- **Data entries**:
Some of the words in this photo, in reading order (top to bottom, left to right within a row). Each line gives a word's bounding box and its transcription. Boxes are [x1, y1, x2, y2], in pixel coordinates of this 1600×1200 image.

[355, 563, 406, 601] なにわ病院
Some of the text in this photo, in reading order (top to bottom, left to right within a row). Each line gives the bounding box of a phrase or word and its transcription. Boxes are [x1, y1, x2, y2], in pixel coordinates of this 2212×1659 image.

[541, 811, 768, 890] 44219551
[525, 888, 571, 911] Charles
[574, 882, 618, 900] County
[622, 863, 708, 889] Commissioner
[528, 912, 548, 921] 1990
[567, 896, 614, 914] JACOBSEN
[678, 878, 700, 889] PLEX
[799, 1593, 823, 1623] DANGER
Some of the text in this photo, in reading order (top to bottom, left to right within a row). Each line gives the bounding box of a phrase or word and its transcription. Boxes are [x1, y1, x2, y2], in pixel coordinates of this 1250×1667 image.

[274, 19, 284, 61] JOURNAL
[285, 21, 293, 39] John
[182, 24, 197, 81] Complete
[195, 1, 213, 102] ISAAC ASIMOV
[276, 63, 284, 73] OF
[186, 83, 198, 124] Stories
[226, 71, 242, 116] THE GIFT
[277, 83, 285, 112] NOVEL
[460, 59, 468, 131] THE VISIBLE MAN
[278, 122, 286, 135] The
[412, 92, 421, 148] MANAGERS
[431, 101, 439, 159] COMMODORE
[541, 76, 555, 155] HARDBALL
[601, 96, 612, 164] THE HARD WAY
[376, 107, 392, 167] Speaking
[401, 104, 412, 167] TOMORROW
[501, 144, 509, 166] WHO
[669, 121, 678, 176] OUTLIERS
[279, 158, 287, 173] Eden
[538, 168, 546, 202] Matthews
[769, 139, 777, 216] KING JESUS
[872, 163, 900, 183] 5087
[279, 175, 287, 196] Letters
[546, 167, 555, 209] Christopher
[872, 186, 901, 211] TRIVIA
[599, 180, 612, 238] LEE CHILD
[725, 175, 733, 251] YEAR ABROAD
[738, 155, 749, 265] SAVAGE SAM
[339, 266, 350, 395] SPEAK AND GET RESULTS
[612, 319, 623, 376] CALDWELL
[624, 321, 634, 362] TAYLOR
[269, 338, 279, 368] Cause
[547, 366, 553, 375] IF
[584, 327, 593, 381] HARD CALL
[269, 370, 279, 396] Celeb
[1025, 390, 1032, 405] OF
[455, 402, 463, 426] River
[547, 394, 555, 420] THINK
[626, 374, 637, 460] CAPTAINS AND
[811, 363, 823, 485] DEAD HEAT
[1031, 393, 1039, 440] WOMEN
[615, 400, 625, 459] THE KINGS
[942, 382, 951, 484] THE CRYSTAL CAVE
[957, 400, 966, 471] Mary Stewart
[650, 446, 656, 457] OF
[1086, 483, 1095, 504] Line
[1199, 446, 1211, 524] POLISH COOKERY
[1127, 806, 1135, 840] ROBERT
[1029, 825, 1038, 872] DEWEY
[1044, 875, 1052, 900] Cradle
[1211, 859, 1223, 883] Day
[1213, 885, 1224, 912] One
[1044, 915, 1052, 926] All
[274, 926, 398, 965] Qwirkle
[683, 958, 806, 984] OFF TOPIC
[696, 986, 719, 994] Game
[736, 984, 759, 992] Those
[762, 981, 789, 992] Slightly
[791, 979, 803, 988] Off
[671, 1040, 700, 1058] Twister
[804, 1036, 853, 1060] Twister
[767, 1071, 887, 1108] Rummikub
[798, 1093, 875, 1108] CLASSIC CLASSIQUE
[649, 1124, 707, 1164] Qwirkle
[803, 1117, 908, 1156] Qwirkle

- **WORK ORDER**: Nothing in the data should be altered; please repeat it exactly.

- **ANSWER BOX**:
Some of the words in this photo, in reading order (top to bottom, left to right within a row). Each line gives a word's bounding box and its transcription. Boxes are [x1, y1, x2, y2], in pixel coordinates of this 1600×1200 image.

[355, 563, 406, 601] なにわ病院
Some of the text in this photo, in reading order (top to bottom, left to right within a row). Each line gives the bounding box of a phrase or word and its transcription. Boxes are [x1, y1, x2, y2], in pixel coordinates of this 2212×1659 image.

[541, 811, 768, 890] 44219551
[525, 888, 571, 911] Charles
[574, 882, 618, 900] County
[622, 863, 708, 889] Commissioner
[528, 912, 548, 921] 1990
[567, 896, 614, 914] JACOBSEN
[678, 878, 700, 889] PLEX
[799, 1593, 823, 1623] DANGER
Some of the text in this photo, in reading order (top to bottom, left to right within a row). Each line gives the bounding box of a phrase or word and its transcription. Boxes are [x1, y1, x2, y2], in pixel coordinates of this 1250×1667 image.

[274, 19, 284, 61] JOURNAL
[285, 21, 293, 39] John
[182, 24, 197, 81] Complete
[195, 1, 213, 102] ISAAC ASIMOV
[276, 63, 284, 73] OF
[186, 83, 198, 124] Stories
[226, 71, 242, 116] THE GIFT
[277, 83, 285, 112] NOVEL
[460, 59, 468, 131] THE VISIBLE MAN
[278, 122, 286, 135] The
[412, 92, 421, 148] MANAGERS
[431, 101, 439, 159] COMMODORE
[541, 76, 555, 155] HARDBALL
[601, 96, 612, 164] THE HARD WAY
[376, 107, 392, 167] Speaking
[401, 104, 412, 167] TOMORROW
[501, 144, 509, 166] WHO
[669, 121, 678, 176] OUTLIERS
[279, 158, 287, 173] Eden
[538, 168, 546, 202] Matthews
[769, 139, 777, 216] KING JESUS
[872, 163, 900, 183] 5087
[279, 175, 287, 196] Letters
[546, 167, 555, 209] Christopher
[872, 186, 901, 211] TRIVIA
[599, 180, 612, 238] LEE CHILD
[725, 175, 733, 251] YEAR ABROAD
[738, 155, 749, 265] SAVAGE SAM
[339, 266, 350, 395] SPEAK AND GET RESULTS
[612, 319, 623, 376] CALDWELL
[624, 321, 634, 362] TAYLOR
[269, 338, 279, 368] Cause
[547, 366, 553, 375] IF
[584, 327, 593, 381] HARD CALL
[269, 370, 279, 396] Celeb
[1025, 390, 1032, 405] OF
[455, 402, 463, 426] River
[547, 394, 555, 420] THINK
[626, 374, 637, 460] CAPTAINS AND
[811, 363, 823, 485] DEAD HEAT
[1031, 393, 1039, 440] WOMEN
[615, 400, 625, 459] THE KINGS
[942, 382, 951, 484] THE CRYSTAL CAVE
[957, 400, 966, 471] Mary Stewart
[650, 446, 656, 457] OF
[1086, 483, 1095, 504] Line
[1199, 446, 1211, 524] POLISH COOKERY
[1127, 806, 1135, 840] ROBERT
[1029, 825, 1038, 872] DEWEY
[1044, 875, 1052, 900] Cradle
[1211, 859, 1223, 883] Day
[1213, 885, 1224, 912] One
[1044, 915, 1052, 926] All
[274, 926, 398, 965] Qwirkle
[683, 958, 806, 984] OFF TOPIC
[696, 986, 719, 994] Game
[736, 984, 759, 992] Those
[762, 981, 789, 992] Slightly
[791, 979, 803, 988] Off
[671, 1040, 700, 1058] Twister
[804, 1036, 853, 1060] Twister
[767, 1071, 887, 1108] Rummikub
[798, 1093, 875, 1108] CLASSIC CLASSIQUE
[649, 1124, 707, 1164] Qwirkle
[803, 1117, 908, 1156] Qwirkle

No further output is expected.